Gold production for the first quarter of 2010 decreased by 37% to 12,938 ounces, compared to 20,583 ounces produced in the same prior year period.  The decrease results from the period in which restrictions were placed on the mines explosives permit.  Full operations resumed on March 17, 2010.  Also as a result of the restrictions, silver production also decreased during the quarter to 206,700 ounces from 427,439 ounces in the same prior year period.  Total cash cost(1) per ounce of gold sold in the first quarter of 2010 was $622 per ounce compared to $551 per ounce in the same prior year period, representing as increase of 13%.  With the reduction in both gold sales and production, total mine overhead cost is spread across lower gold ounces sold resulting in the increase in cash cost(1) per ounce of gold sold.
 
Revenue for the first quarter of 2010 was $18.0 million, which was a 15% or $3.3 million decrease over the same prior year period.  The main driver for this decrease was lower gold sales of 5,190 ounces, offset by an increase in the average realized price.  The average realized gold price(2) per ounce during the first quarter 2010 and 2009 was $1,118 and $906, respectively, which corresponds well to the average London Metals Exchange PM gold fix price of $1,109 and $909 per ounce, respectively.  The average realized silver price(2) per ounce during the first quarter 2010 and 2009 was $17.08 and $12.54, respectively, which also correlates to the average London Metals Exchange silver fix price of $16.92 and $12.61 per ounce, respectively.
 
On November 18, 2009, PROFEPA, the Mexican environmental enforcement agency, issued an order requiring the Cerro San Pedro Mine to suspend mining as a consequence of the nullification of the mine’s Environmental Impact Statement.  Mining operations resumed in December 2009 after the Company was granted an injunction which temporarily overturns the PROFEPA order to suspend mining operations.  The renewal of the Cerro San Pedro Mine’s explosives permits was subsequently challenged by a group opposed to the mine. On March 17, 2010, the restrictions to the explosives permits were removed allowing full operations to resume. The restrictions were lifted following a ruling by a Federal District Court in San Luis Potosí that overturns an earlier court order prohibiting the use of explosives at the Mine.
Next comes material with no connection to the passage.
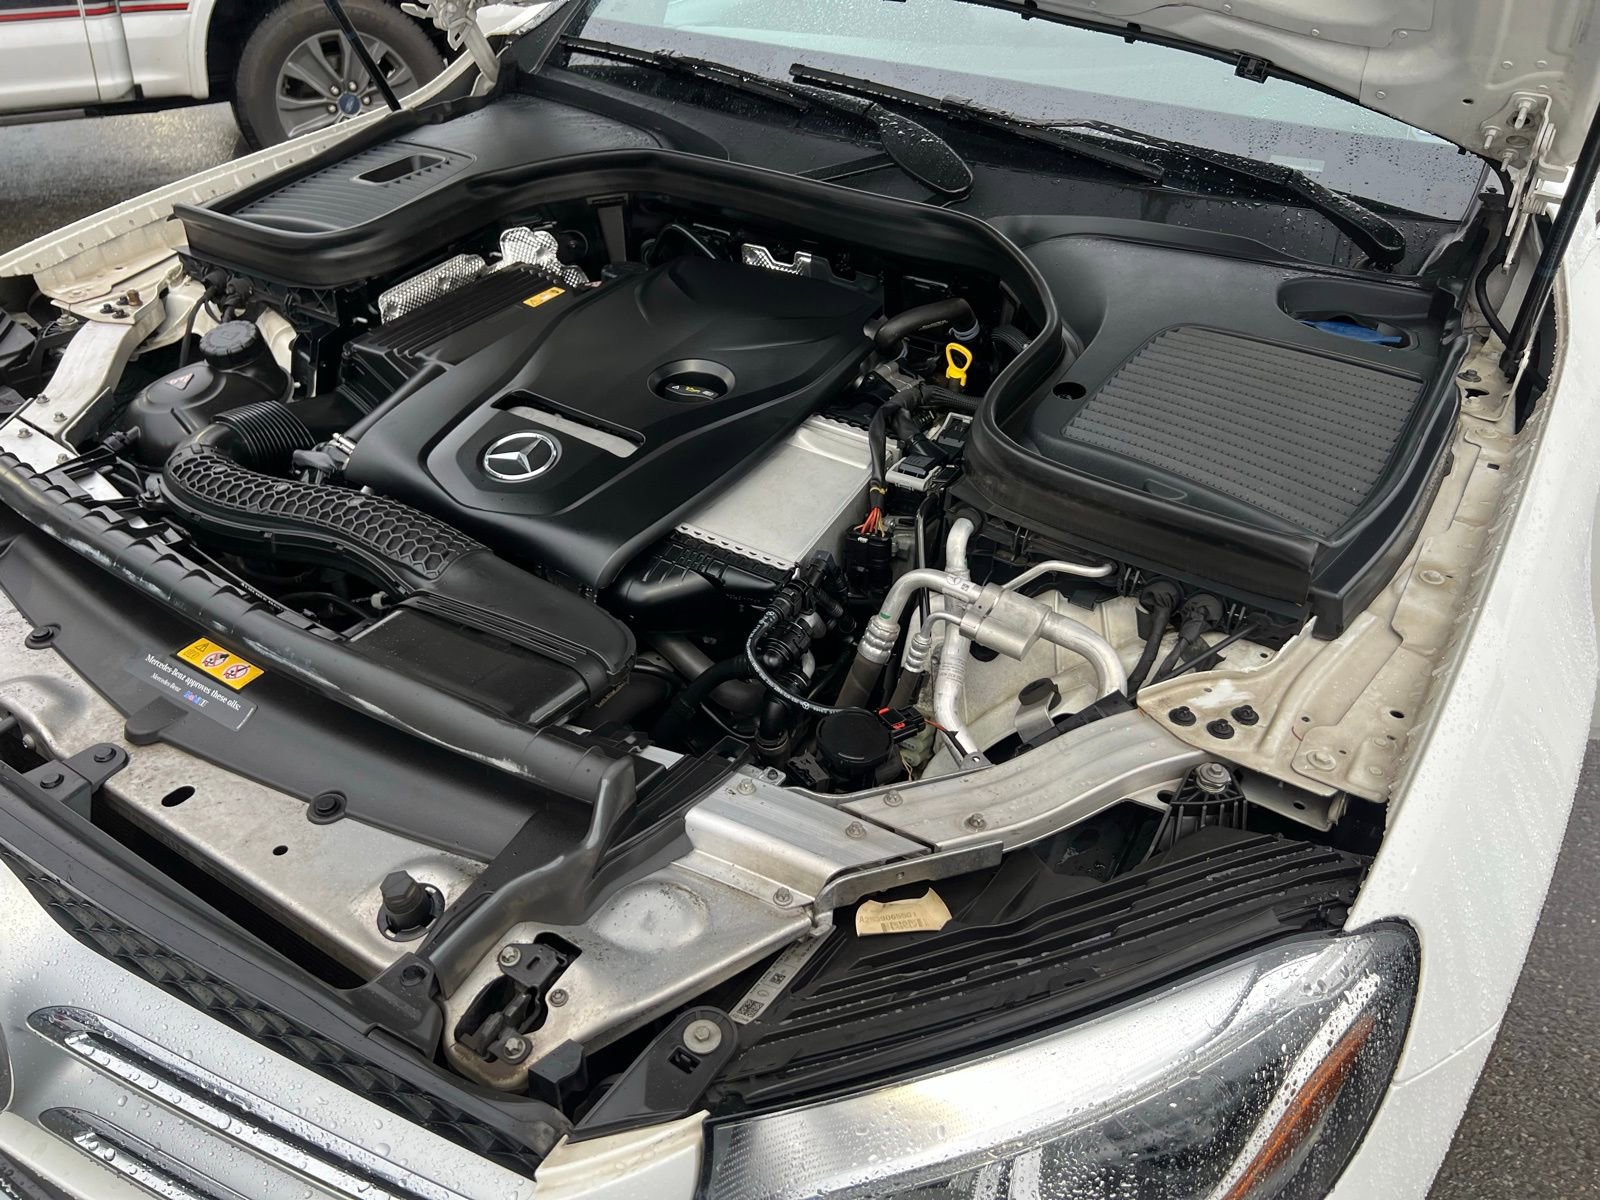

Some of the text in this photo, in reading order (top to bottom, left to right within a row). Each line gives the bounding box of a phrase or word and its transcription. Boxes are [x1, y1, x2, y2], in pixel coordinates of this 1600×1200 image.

Hearings are ongoing in relation to the nullification of the mine’s EIS. New Gold is working with local and federal government officials to establish a long-term solution that should result in uninterrupted operation of the Cerro San Pedro Mine allowing for continued financial and socio-economic benefits to the city of San Luis Potosí, the town of Cerro San Pedro as well as the surrounding villages.
 
Capital expenditures totaled $3.8 million and $0.9 million for the three month period ended March 31, 2010 and 2009, respectively.  Capital expenditures were primarily associated with a leach pad expansion.
 
IMPACT OF FOREIGN EXCHANGE ON OPERATIONS
 
The Cerro San Pedro Mine was significantly impacted by the value of the Mexican peso against the U.S. dollar in the first quarter of 2010 relative to the first quarter of 2009.  The value of the Mexican peso increased by 11.3% from an average of 14.38 to the U.S. dollar in the first quarter of 2009 to 12.76 to the U.S. dollar in the first quarter of 2010.  This had a negative impact of approximately $98 per ounce of gold sold. This contributed to increased total cash costs(1) along with other factors described above.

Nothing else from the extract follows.